3. Purposes of Data Processing
Users' data will be processed particularly for the following purposes:
- Ensuring proper website functioning (e.g., displaying content, website navigation);
- Processing orders, services, or contracts with Users (if applicable);
- Responding to Users' questions and inquiries, handling contact submissions;
- Website traffic analysis, statistics, improving service quality and website functionality;
- Ensuring system security and integrity (e.g., preventing abuse, attempted breaches).
4. Types of Processed Data
The Administrator may process the following data categories:
- Contact data (e.g., name, email address, phone number) voluntarily provided by the User for contact purposes, newsletter subscription, or order processing;
- Technical data, such as IP address, browser type, device type, screen resolution, browser language, location (general), operating system, dates and times of website access;
- Data concerning User activity on the website (e.g., visited subpages, time spent on the website, clicks).
5. Cookies and Similar Technologies
The website uses cookies and similar technologies for:
- Ensuring proper website operation;
- Remembering User preferences;
- Traffic analysis and offer optimization;
- Content and advertising personalization (if applicable).
Users can independently manage cookie settings in their web browser (including blocking or deleting them). Limiting the use of cookies may affect some website functionalities.
6. Data Retention Period
Users' personal data will be stored only for the period necessary to achieve the purposes for which they were collected, or for the time required by law. In the case of data processed based on consent -- until its withdrawal. After these periods, the data will be deleted or anonymized.
7. Sharing Personal Data
The Administrator may share personal data with third parties only to the extent necessary to achieve specific purposes, including:
- Entities providing hosting, IT, analytical, and marketing services;
- Entities executing orders on behalf of the Administrator (e.g., couriers, logistics companies, payment operators);
- Public authorities, if the obligation to disclose data results from legal provisions.
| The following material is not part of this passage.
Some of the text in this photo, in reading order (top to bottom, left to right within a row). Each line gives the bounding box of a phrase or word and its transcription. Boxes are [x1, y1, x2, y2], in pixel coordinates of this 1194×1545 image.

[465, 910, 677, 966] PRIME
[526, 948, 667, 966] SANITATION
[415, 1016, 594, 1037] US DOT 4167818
When transferring data outside the European Economic Area (EEA), the Administrator will ensure appropriate protection mechanisms, such as standard contractual clauses.
8. Users' Rights
Users have the following rights under GDPR:
- Right to access their data and receive a copy;
- Right to rectification (correction) of data;
- Right to erasure of data (the “right to be forgotten”);
- Right to restriction of processing;
- Right to data portability;
- Right to object to data processing;
- Right to withdraw consent at any time, without affecting the lawfulness of processing based on consent before its withdrawal.
To exercise these rights, please contact the Administrator at mamsprawe@507.com.pl. Users also have the right to lodge a complaint with the supervisory authority (President of the Personal Data Protection Office) if they believe that the processing of personal data violates legal provisions.
9. Data Security
The Administrator implements appropriate technical and organizational measures to ensure personal data security, including protection against unauthorized access, loss, destruction, or unauthorized modification.
10. Changes to the Privacy Policy
The Administrator reserves the right to make changes to this Privacy Policy to adapt it to applicable law or introduce new website functionalities. Changes will be published on this subpage along with their current implementation date. Continued use of the website after changes are introduced means acknowledgment and acceptance of them.